**What the task asks:** Return all the records, each one exactly as given.

━━ Working data

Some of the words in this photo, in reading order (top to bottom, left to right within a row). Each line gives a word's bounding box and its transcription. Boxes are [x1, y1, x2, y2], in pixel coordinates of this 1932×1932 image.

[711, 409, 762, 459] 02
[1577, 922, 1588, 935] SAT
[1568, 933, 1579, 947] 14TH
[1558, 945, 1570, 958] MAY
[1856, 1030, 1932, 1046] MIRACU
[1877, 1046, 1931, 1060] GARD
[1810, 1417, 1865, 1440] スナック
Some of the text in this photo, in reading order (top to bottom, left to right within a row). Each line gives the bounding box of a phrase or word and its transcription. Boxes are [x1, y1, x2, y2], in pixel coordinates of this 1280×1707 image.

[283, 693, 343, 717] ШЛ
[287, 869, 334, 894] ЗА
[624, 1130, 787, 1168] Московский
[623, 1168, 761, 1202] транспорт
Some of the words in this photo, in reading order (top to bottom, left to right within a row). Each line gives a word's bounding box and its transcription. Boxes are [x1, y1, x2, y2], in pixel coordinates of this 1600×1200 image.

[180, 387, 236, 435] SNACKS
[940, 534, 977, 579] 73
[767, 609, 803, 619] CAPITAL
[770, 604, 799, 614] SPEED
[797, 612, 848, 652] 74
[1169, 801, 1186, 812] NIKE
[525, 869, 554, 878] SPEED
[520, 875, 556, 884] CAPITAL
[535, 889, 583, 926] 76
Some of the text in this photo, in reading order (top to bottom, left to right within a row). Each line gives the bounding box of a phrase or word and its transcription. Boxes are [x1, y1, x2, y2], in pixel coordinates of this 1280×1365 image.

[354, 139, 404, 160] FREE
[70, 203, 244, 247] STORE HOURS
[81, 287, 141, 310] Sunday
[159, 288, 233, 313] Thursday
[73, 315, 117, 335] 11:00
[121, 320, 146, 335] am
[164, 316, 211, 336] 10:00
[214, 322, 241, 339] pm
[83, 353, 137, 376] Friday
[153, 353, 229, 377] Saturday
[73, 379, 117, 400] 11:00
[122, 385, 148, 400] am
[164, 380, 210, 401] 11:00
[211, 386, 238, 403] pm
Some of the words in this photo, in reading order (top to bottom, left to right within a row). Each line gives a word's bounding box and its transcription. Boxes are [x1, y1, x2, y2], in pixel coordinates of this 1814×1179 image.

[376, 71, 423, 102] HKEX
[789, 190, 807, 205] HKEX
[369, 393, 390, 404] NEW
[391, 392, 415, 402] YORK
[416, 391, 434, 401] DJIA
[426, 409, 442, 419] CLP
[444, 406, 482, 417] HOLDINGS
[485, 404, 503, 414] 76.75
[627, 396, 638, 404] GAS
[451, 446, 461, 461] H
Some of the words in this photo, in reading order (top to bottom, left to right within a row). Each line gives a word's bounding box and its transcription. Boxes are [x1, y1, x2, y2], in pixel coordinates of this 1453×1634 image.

━━━━

**Answer box:**
Some of the words in this photo, in reading order (top to bottom, left to right within a row). Each line gives a word's bounding box and its transcription. Boxes are [x1, y1, x2, y2], in pixel coordinates of this 1932×1932 image.

[711, 409, 762, 459] 02
[1577, 922, 1588, 935] SAT
[1568, 933, 1579, 947] 14TH
[1558, 945, 1570, 958] MAY
[1856, 1030, 1932, 1046] MIRACU
[1877, 1046, 1931, 1060] GARD
[1810, 1417, 1865, 1440] スナック
Some of the text in this photo, in reading order (top to bottom, left to right within a row). Each line gives the bounding box of a phrase or word and its transcription. Boxes are [x1, y1, x2, y2], in pixel coordinates of this 1280×1707 image.

[283, 693, 343, 717] ШЛ
[287, 869, 334, 894] ЗА
[624, 1130, 787, 1168] Московский
[623, 1168, 761, 1202] транспорт
Some of the words in this photo, in reading order (top to bottom, left to right within a row). Each line gives a word's bounding box and its transcription. Boxes are [x1, y1, x2, y2], in pixel coordinates of this 1600×1200 image.

[180, 387, 236, 435] SNACKS
[940, 534, 977, 579] 73
[767, 609, 803, 619] CAPITAL
[770, 604, 799, 614] SPEED
[797, 612, 848, 652] 74
[1169, 801, 1186, 812] NIKE
[525, 869, 554, 878] SPEED
[520, 875, 556, 884] CAPITAL
[535, 889, 583, 926] 76
Some of the text in this photo, in reading order (top to bottom, left to right within a row). Each line gives the bounding box of a phrase or word and its transcription. Boxes are [x1, y1, x2, y2], in pixel coordinates of this 1280×1365 image.

[354, 139, 404, 160] FREE
[70, 203, 244, 247] STORE HOURS
[81, 287, 141, 310] Sunday
[159, 288, 233, 313] Thursday
[73, 315, 117, 335] 11:00
[121, 320, 146, 335] am
[164, 316, 211, 336] 10:00
[214, 322, 241, 339] pm
[83, 353, 137, 376] Friday
[153, 353, 229, 377] Saturday
[73, 379, 117, 400] 11:00
[122, 385, 148, 400] am
[164, 380, 210, 401] 11:00
[211, 386, 238, 403] pm
Some of the words in this photo, in reading order (top to bottom, left to right within a row). Each line gives a word's bounding box and its transcription. Boxes are [x1, y1, x2, y2], in pixel coordinates of this 1814×1179 image.

[376, 71, 423, 102] HKEX
[789, 190, 807, 205] HKEX
[369, 393, 390, 404] NEW
[391, 392, 415, 402] YORK
[416, 391, 434, 401] DJIA
[426, 409, 442, 419] CLP
[444, 406, 482, 417] HOLDINGS
[485, 404, 503, 414] 76.75
[627, 396, 638, 404] GAS
[451, 446, 461, 461] H
Some of the words in this photo, in reading order (top to bottom, left to right within a row). Each line gives a word's bounding box and its transcription. Boxes are [x1, y1, x2, y2], in pixel coordinates of this 1453×1634 image.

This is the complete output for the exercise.